Etapes préparatoires
1. Couper les échantillons en utilisant un couteau ou des ciseaux.
2. Mélanger les échantillons, à raison de 115 g maximum par mélange de
tissu.
Par ex. pour le porc : jusqu’à 115 morceaux de 1 g du diaphragme sont
mélangés. Veuillez vous référer à la Réglementation officielle CE 2015/1375
pour plus de détails sur les espèces individuelles.
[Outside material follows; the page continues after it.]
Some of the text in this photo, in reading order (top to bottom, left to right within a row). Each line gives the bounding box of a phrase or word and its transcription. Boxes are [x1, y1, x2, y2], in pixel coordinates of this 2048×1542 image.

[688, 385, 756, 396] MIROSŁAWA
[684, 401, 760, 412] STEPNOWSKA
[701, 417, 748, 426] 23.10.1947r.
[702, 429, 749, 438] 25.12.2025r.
Remarque : de 100 g à 115 g de tissus sont recommandés par mélange. Si
moins de 100 g de tissus sont utilisés, les volumes de solution de travail du
Tampon de dilution, de la Solution enzymatique et les volumes de rinçage
doivent être adaptés en fonction. Ne pas utiliser moins de 10 g de tissu.
Digestion artificielle
1. Préparer 2 L de Tampon de digestion concentré 1x (100±5 mL de
Tampon de digestion (20x) + 1900 mL d’eau) dans le récipient de
digestion (par ex. un gobelet).
Remarque : L’eau peut être préchauffée (60±2°C) pour réduire le temps
de chauffage de l’étape 4.
2. Ajouter 0.5–1 mL d’additif au Tampon de digestion.
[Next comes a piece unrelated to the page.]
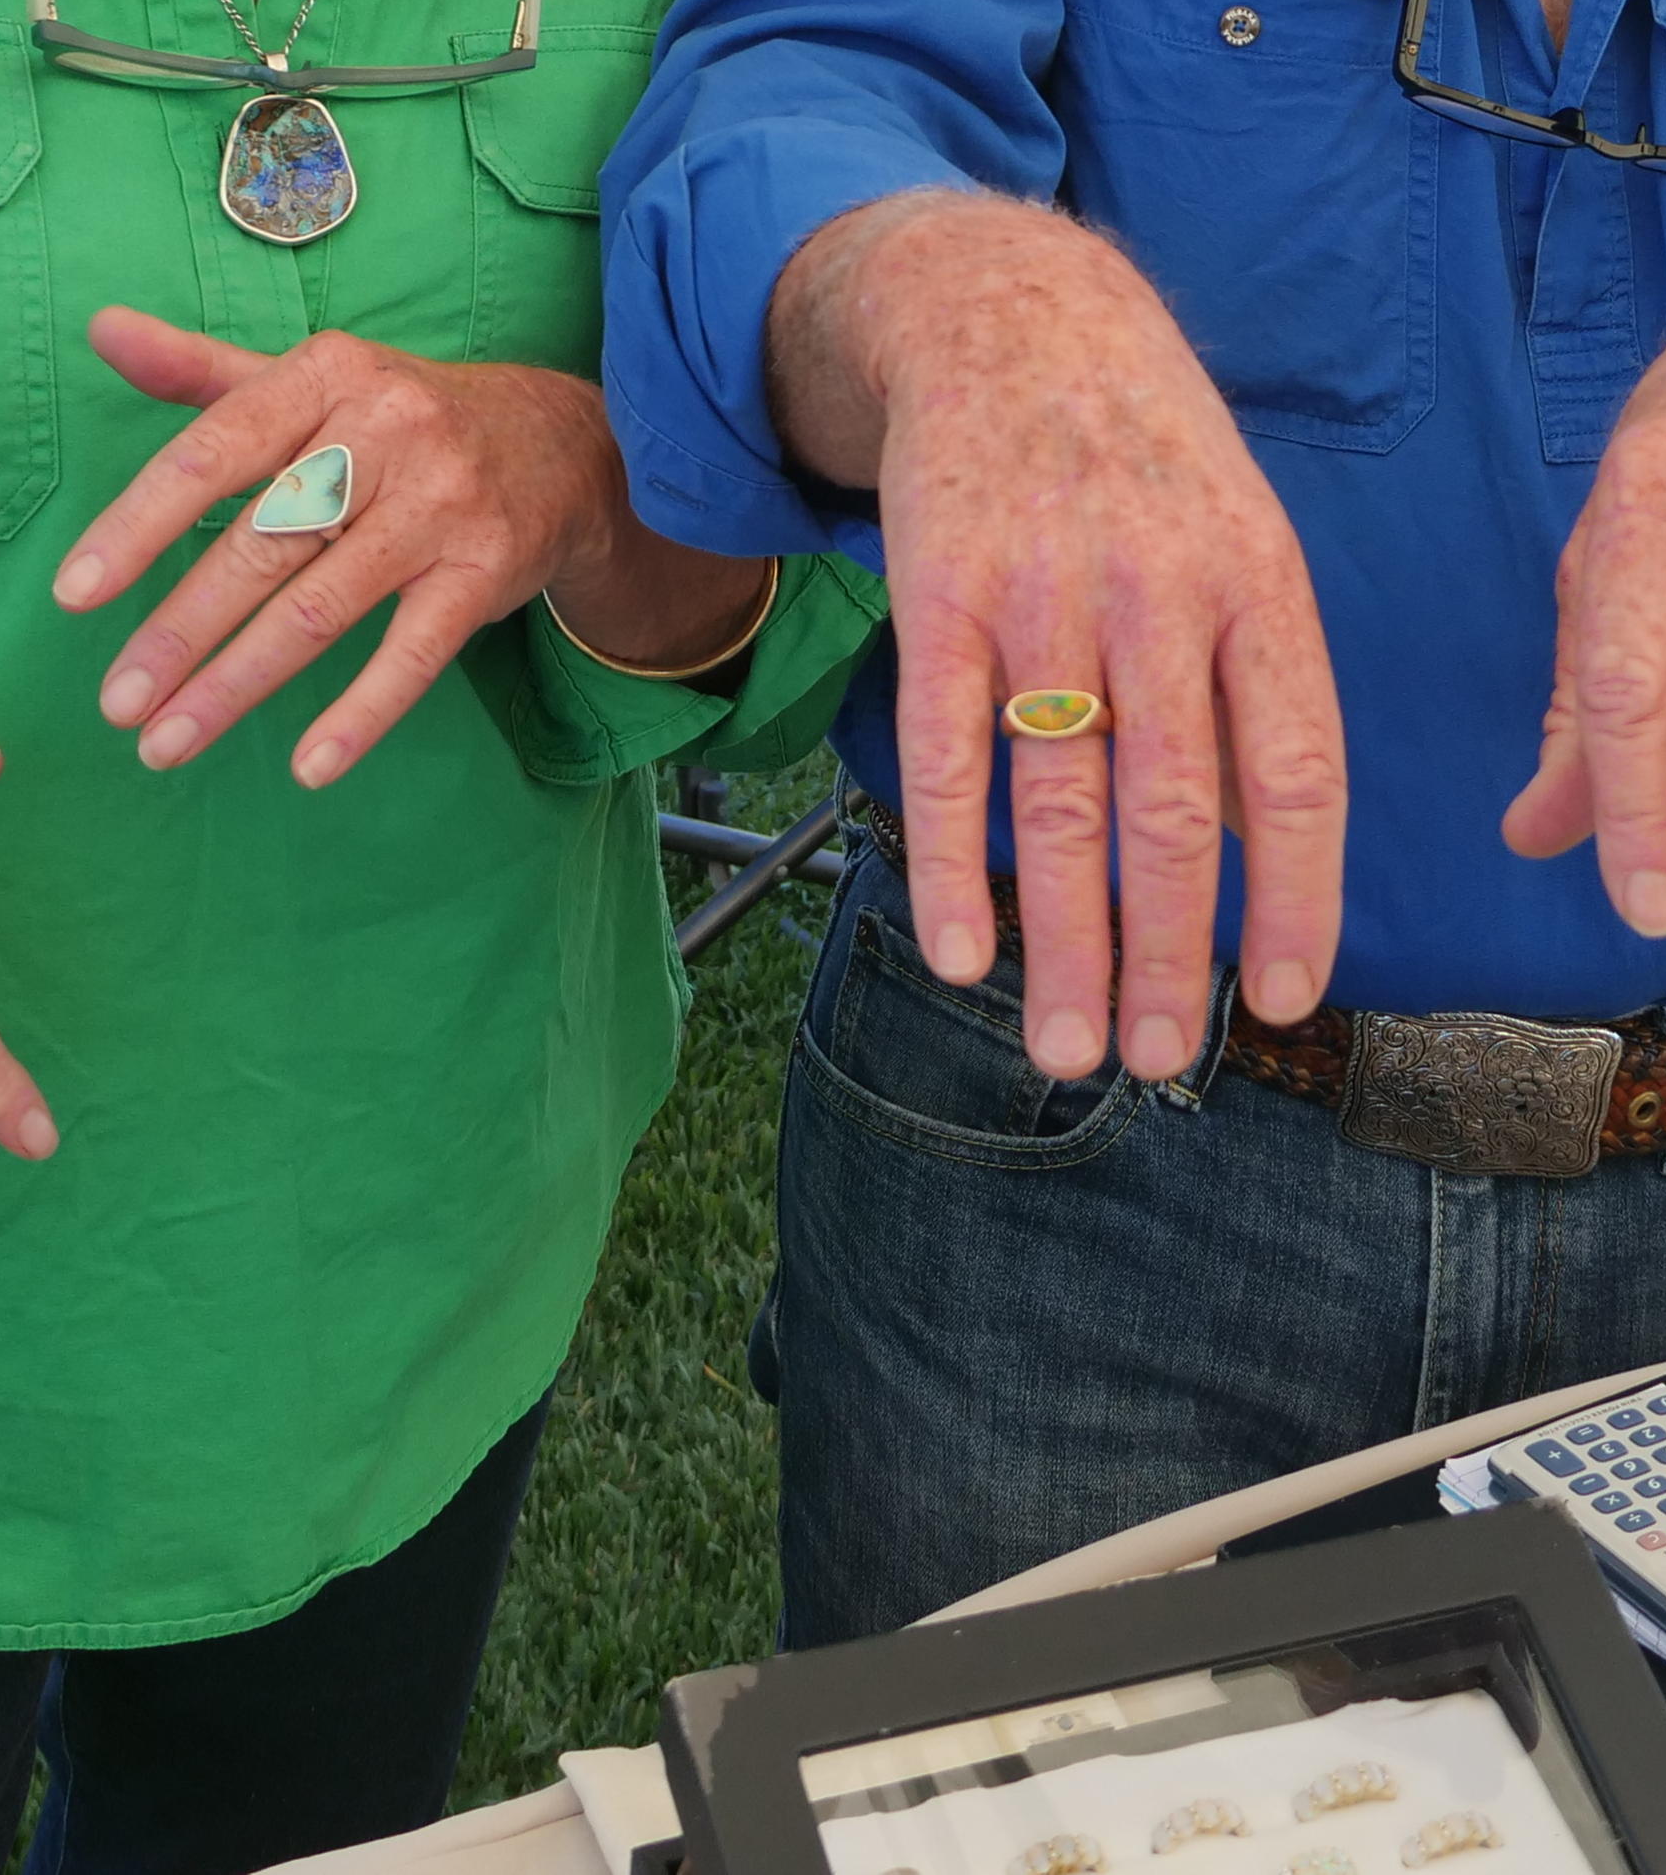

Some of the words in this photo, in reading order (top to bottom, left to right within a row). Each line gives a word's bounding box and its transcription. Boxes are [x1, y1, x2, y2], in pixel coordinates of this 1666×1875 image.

3. Ajouter 50±2 mL de Solution enzymatique.
4. Chauffer à la température de +60±2°C.
5. Hacher entièrement le tissu dans un broyeur, puis transférer le tissu
haché dans la solution de digestion préparée et préchauffée. Rincer le
broyeur avec la solution de digestion préparée pour garantir un
transfert complet du tissu haché.
Remarque : Rincer le broyeur avec de l’eau avant de hacher un autre
échantillon de viande.
6. Incuber pendant 20±2 min à +60±2°C sous fortes conditions d’agitation
(≥750 rpm). Confiner le récipient de digestion pour prévenir la perte de
chaleur en utilisant par ex. une feuille en aluminium.
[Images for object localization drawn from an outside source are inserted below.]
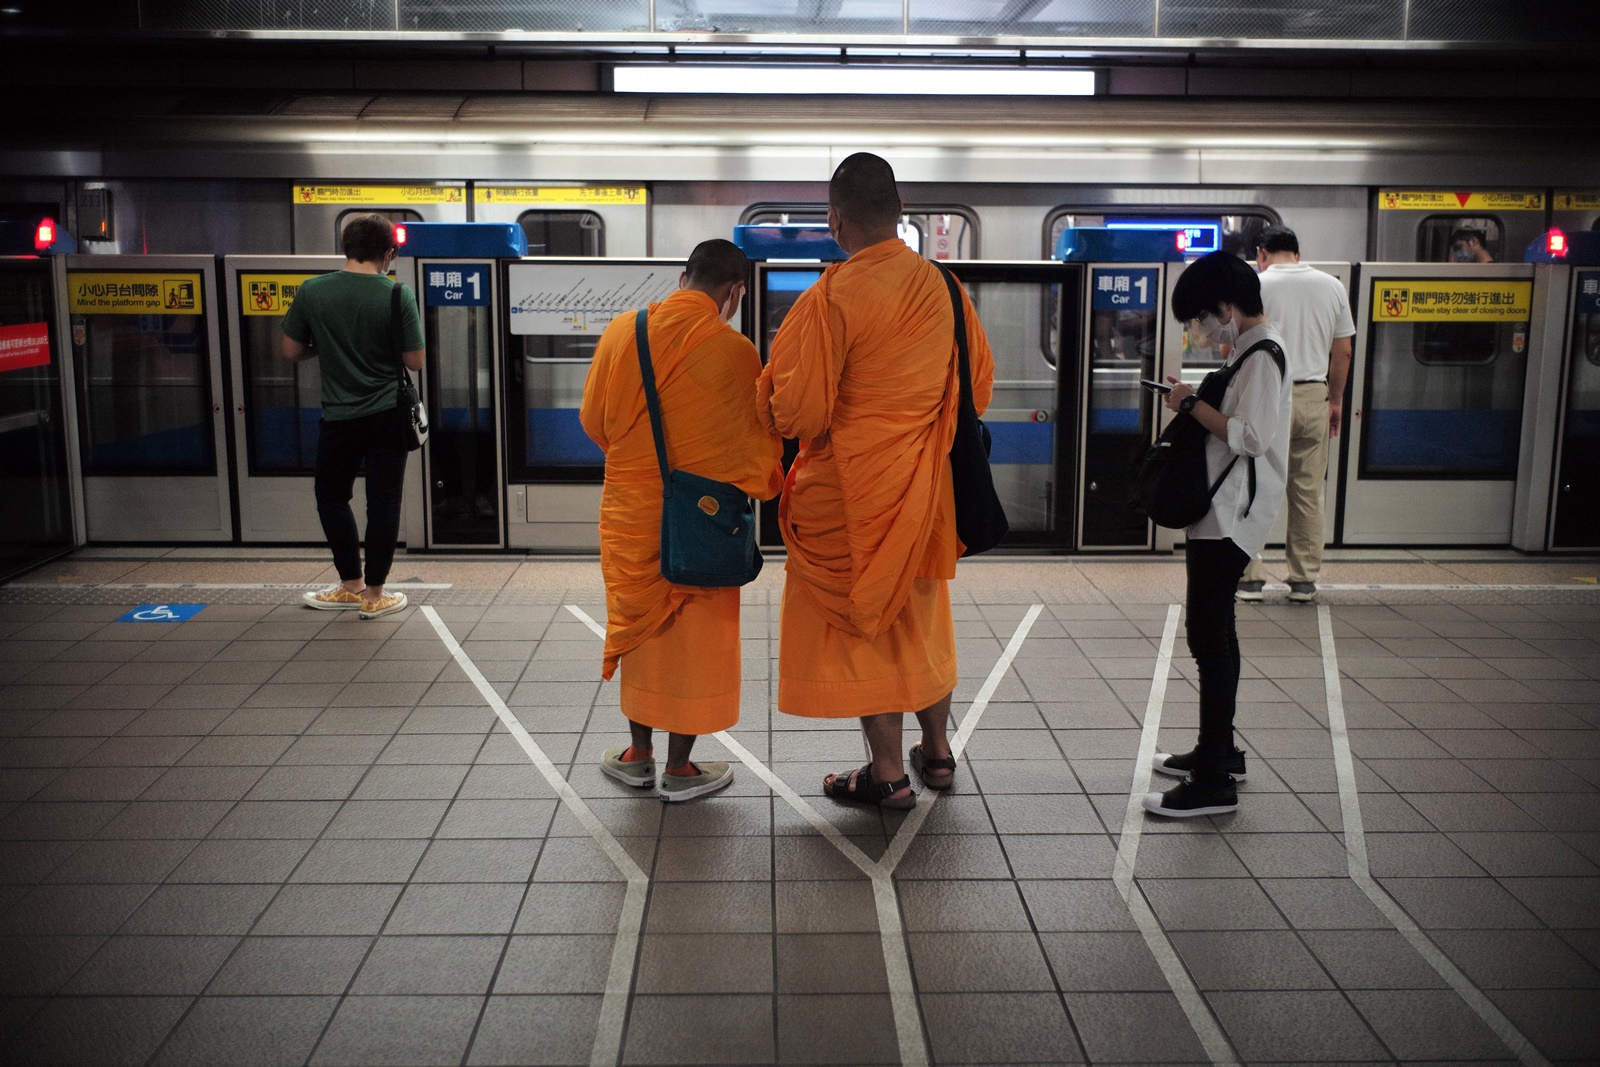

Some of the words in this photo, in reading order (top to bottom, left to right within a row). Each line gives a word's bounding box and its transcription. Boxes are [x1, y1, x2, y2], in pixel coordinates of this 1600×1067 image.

[80, 194, 101, 207] 211
[78, 283, 159, 297] 小心月台間隙
[430, 271, 462, 288] 車廂
[466, 272, 481, 300] 1
[1098, 275, 1130, 292] 車廂
[1134, 276, 1148, 304] 1
[444, 290, 464, 300] Car
[1111, 294, 1130, 304] Car
[1412, 291, 1515, 305] 關門時勿強行進出
[112, 299, 144, 308] platform
[146, 300, 160, 308] gap
[1436, 307, 1451, 315] stay
[1479, 307, 1505, 315] closing
Remarque : Durant l’agitation, le liquide de digestion doit être vortexé
à une vitesse suffisamment élevée pour créer un profond tourbillon
sans éclaboussures. S’assurer que le vortexage est suffisant pour
maintenir la viande en suspension. Ceci évite une digestion incomplète.
7. Verser le liquide de digestion à travers les mailles en acier inoxydable à
l’intérieur de l’entonnoir de séparation (voir les spécifications sous la
section « Matériel additionnel requis »).
8. Rincer très soigneusement le gobelet avec de l’eau (volume maxi. de
300 mL). Verser l’eau à travers les mailles en acier inoxydable à
l’intérieur de l’entonnoir de séparation.
9. Rincer soigneusement l’acier inoxydable avec de l’eau en utilisant une
bouteille à air comprimé.
Remarque : La digestion est considérée satisfaisante si pas plus de 5%
du poids de l’échantillon de départ ne reste sur le tamis.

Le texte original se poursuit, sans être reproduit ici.